Well, the trees are decorated, the packages wrapped, the bed linens changed, some baking is done, and the house is totally decorated! Now, I just need to go to the grocery store and do a few odds and ends and I will be ready! Ready for what? The Grandchildren!! They will arrive Monday and I hardly wait! I want to have everything done so I can just play!! It will be a wonderful time and I am sure Santa will be by! I love Christmas. I always have and I guess the kid in me comes out every Christmas season. That's kind of bad for someone who could qualify for social security on Monday. Yep, it will be my birthday. I am not sure I want to reach this milestone, but when I consider the alternative, it does sound rather pleasing.
This is beginning to ramble so I guess I will just leave it at this....this grandma can hardly wait until Monday! Hopefully I will get some good pictures and will learn how to add them. Go to go....I want to bake some more cookies! :)

Sunday, December 14, 2008

Looking for another miracle

Those of you who know me, understand how much I love my cat. You also know the story of how 10 years ago on December 22 she survived major cancer surgery and has been able to beat this terrible disease for a long time. However, much to my dismay the cancer has returned and she has had one tumor removed a year ago, and now she has 2 more large tumors near her spine. I am not ready to give up on her, so tomorrow we travel to Raleigh, NC to see the specialist there and see if they can perform another miracle on my 17 year old cat. Some people would say I am really crazy, but I have to try one more time to see if I can have a little more time with this wonderful animal. She is the most loving cat I have ever seen and I only hope that something can be done for her and that somehow I can afford to do it. I know I cannot spend thousands of dollars, but I will spend some. I also know her time is probably limited, but in my heart I know I must do all I can at this time. If it ends up that nothing can be done or that is just too expensive I pray she will not suffer. I can't help but think God loves animals and I hope and pray he is hearing my prayers for this animal that I love so much. So please dear friends please say a special prayer for us tomorrow.

Monday, November 17, 2008

Catching Up

I have been meaning to write a blog for sometime now, but when I sit down to compose my thoughts I haven't been able to write....I somehow think I have nothing to write about and yet I know I do. So, let's start with the fall beauty. I can't remember when I have seen such a beautiful fall. The color in the leaves has just been unbelieveable. I didn't think it would be a pretty fall since it has been so dry, but my goodness was I wrong. I guess the rain and frost came at just the right time and it has been beautiful. I think fall is my favorite season!

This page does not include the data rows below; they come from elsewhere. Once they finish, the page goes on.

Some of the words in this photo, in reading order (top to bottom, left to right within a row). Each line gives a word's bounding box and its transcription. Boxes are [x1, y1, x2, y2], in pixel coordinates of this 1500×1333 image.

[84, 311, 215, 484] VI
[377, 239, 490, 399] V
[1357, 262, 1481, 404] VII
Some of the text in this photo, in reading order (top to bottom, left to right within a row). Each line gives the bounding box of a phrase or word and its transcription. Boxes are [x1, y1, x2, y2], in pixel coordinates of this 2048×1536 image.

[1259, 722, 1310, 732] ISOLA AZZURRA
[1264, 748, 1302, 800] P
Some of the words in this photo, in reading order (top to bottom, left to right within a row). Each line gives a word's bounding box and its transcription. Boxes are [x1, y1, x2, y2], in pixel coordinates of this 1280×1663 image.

There has been so many good things happening. First Fred had his prostate cancer surgery and that went very well and all the test results show that everything is just as predicted before the surgery. The margins are clean and the cancer low grade and confined to the just the prostate. We are truly lucky and thankful. He is recovering very well and I am trying to be a good nurse, but I can tell you this I make a better teacher then a nurse. I went to the doctor with him to have his incision checked, and almost fainted...some nurse I am.

My friend Ann, who is fighting a rare form of lymphnoma and has undergone eight heavy chemo treatments got the good news that she is in remission. Now if she can hold it there for five years she will be declared cancer free. I just hope and pray that things continue to go well for her.

My friend Heather and her husband have a beautiful baby daughter and even though it was a difficult delivery, with Heather ending up with a C section they seem to be doing well and Zora is absolutely beautiful!

I am working on Christmas gifts and making a Christmas Countdown for my granddaugher Olivia. It has been a learning experience since this is somewhat different then what I had made for my own children when they were younger. It looks like it will turn out great and I can get it in the mail to her soon.

I promise I will try to learn how to include pictures on this blog, all my dear friends who blog know how to do that and I don't have anyone to teach me so......Holli, Shana, Heather teach me!

I can hardly believe it is so close to Thanksgiving . Where does the time go? I thought I would have all this extra time now that I am retired, but somehow I don't. I guess it could be that I am finding more and more projects to occupy my time...like my new sewing machine that I am really enjoying. Well I guess I have wandered on enough topics for today and I hear a project calling me before I go to teach my afternoon speech class.

Sunday, November 2, 2008

Gotta love the internet

You know what folks, you gotta love the internet. I know it doesn't take the place of face to face communication, or getting a letter by snail mail, but it certainly does have its perks!! For those of you who know me know I was a teacher for 34 years. During those years I taught some really awesome students and so I often think about some of those wonderful people and wonder what on earth happened to them. Well, the internet and facebook have helped me reconnect with some of those folks. It is really great to hear from a student who is living in London and loving life or one who is in NY and is having her play presented in our home town this month. It is so rewarding to here from one who really had a difficult home and is now a successful lawyer in Philly. Yes, you have got to love the internet because it has given me some really great connections with some really great people and that makes me really, really happy!! I really love the word really!! Can you tell... really? Got to get back to my facebook page and see who else from my past has found me!!!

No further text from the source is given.